▸ **Task description**
The expected response is an exact repetition of every record, with images excluded.

*** Opening Records shown ***

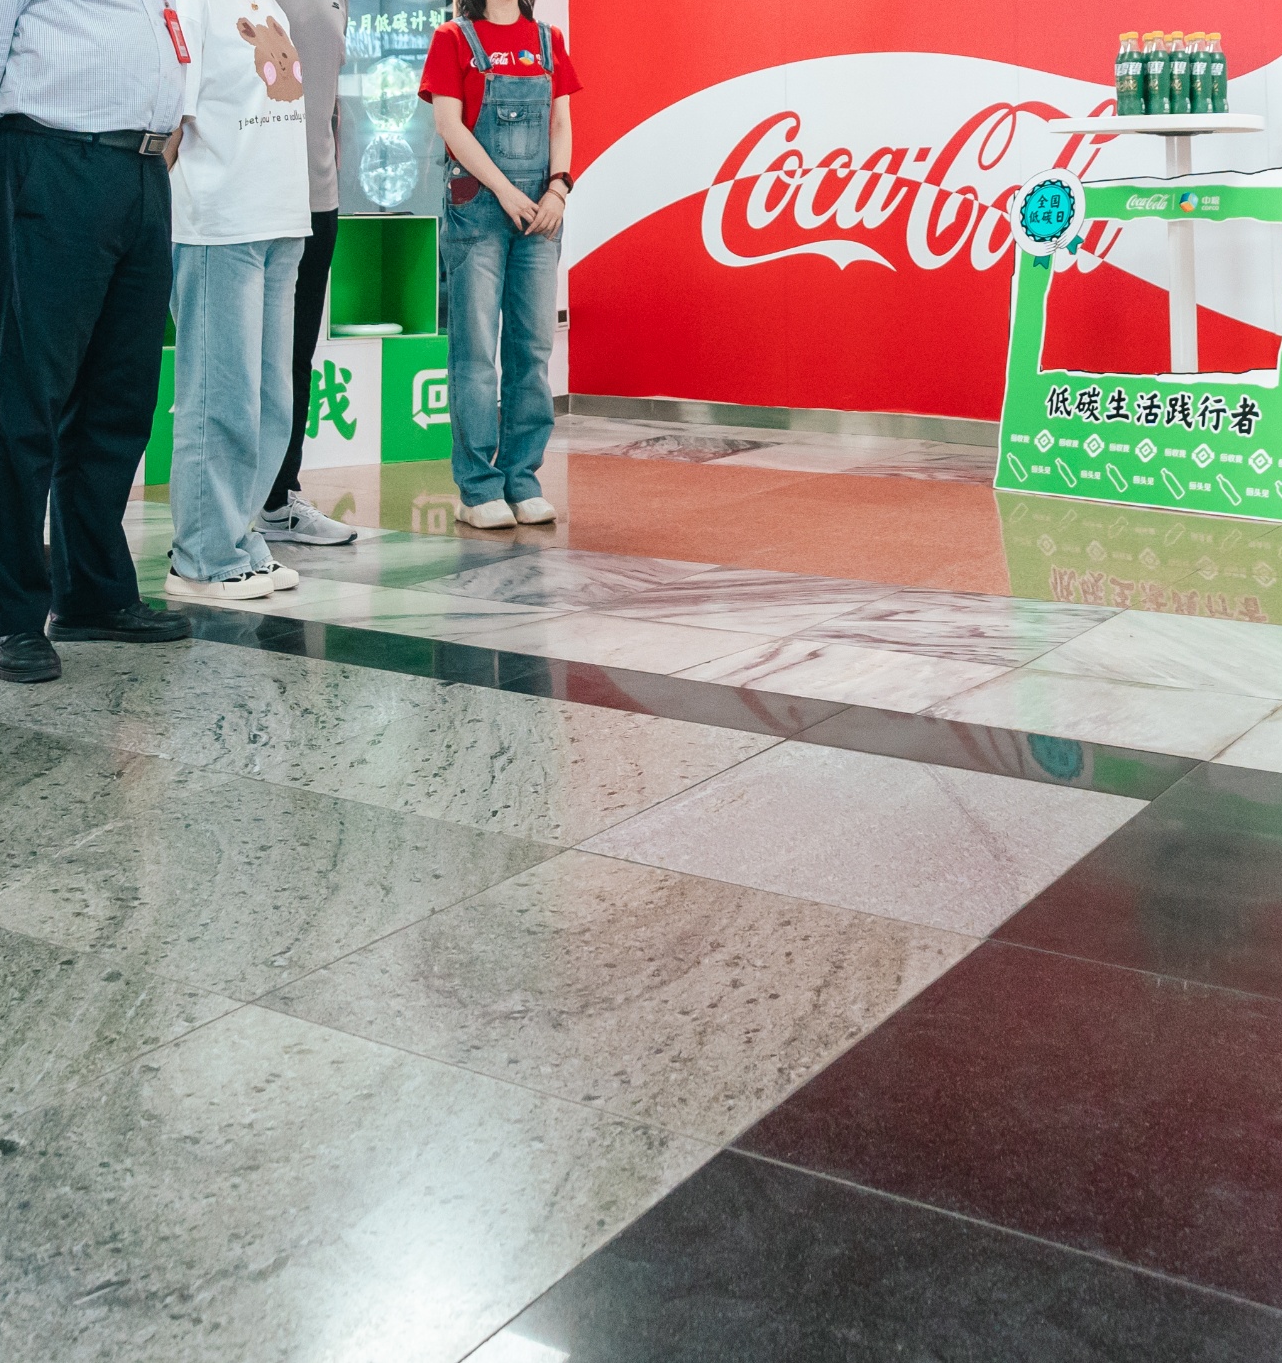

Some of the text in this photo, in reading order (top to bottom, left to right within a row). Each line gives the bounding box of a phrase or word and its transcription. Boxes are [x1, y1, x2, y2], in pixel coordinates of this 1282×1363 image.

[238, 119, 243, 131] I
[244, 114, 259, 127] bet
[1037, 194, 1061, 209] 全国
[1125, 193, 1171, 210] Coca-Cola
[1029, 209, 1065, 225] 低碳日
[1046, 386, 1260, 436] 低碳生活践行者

*** Closing Records shown ***

▸ **Solution to this task**
Some of the text in this photo, in reading order (top to bottom, left to right within a row). Each line gives the bounding box of a phrase or word and its transcription. Boxes are [x1, y1, x2, y2], in pixel coordinates of this 1282×1363 image.

[238, 119, 243, 131] I
[244, 114, 259, 127] bet
[1037, 194, 1061, 209] 全国
[1125, 193, 1171, 210] Coca-Cola
[1029, 209, 1065, 225] 低碳日
[1046, 386, 1260, 436] 低碳生活践行者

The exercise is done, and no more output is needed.